ベストセラー作家・海堂尊を読み解くキーワードとは?

文芸・カルチャー

更新日:2017/11/28

 医療ミステリー界に新たなジャンルを切り開いた、人気作家・海堂尊
 海堂作品に詳しい編集&ライターの東海左由留さんは、「破境者」というキーワードで、その魅力を分析してくれた。

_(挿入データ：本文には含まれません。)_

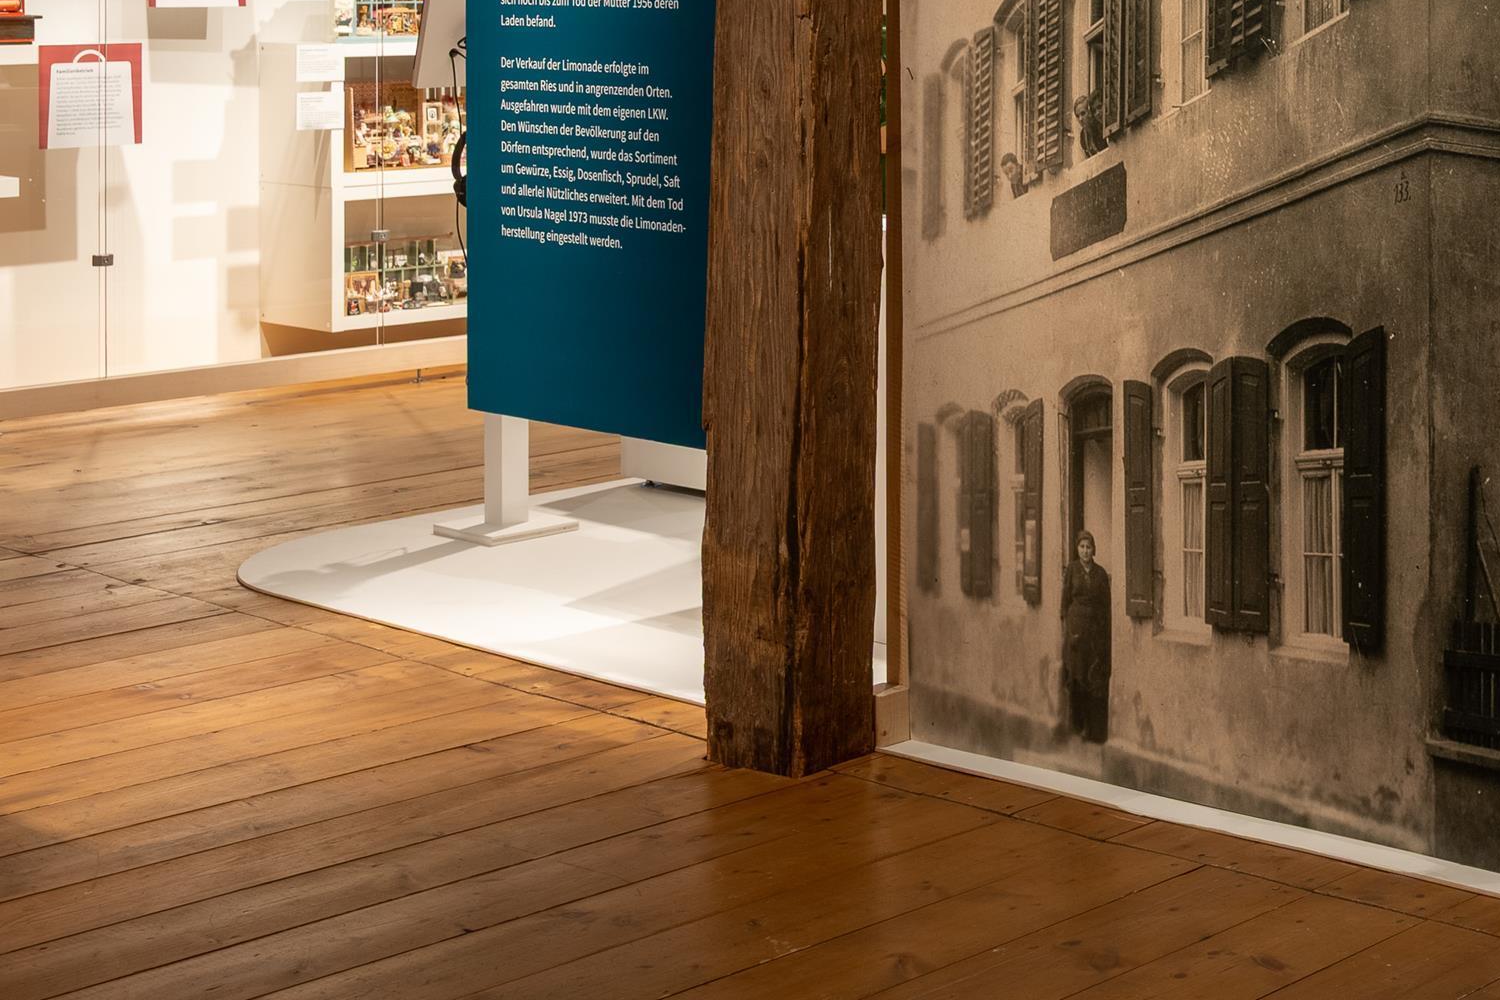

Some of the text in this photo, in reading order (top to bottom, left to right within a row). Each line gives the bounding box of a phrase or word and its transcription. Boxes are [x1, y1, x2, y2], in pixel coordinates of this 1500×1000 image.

 「『破境者』とは海堂さんが『外科医須磨久善』で須磨を称した言葉だが、自分自身もそう位置付けていると思われる。『破境者』は新旧世界の国境を破壊して二つを融合し、古くさい権威に根拠がなかったことを露呈する。デビュー作『チーム・バチスタの栄光』は遅々として進まないAi(死亡時画像診断)と死因不明社会への怒りから生まれた作品だ。
 
 医学界内部からでは硬直化した体制は打破できないと海堂さんは知略をめぐらした。そこで、ミステリーという異世界からゆさぶりをかけ、壊す手に出たのだ。それは自らの作品においても同じ。やすやすと境界を破壊し、毎回、新しい試みに挑戦している。
 
 挑戦を自在にしているのが「桜宮サーガ」。架空の都市・桜宮市を核に置いたクロニクルを描くことで、多彩な群像劇、ヒューマンドラマの創造を可能にした。それに加えて、「破境者」というキーワードも意識して読んでみてほしい。高いエンターテインメント性の中に鮮やかな知略が見えてくるはず」(東海さん)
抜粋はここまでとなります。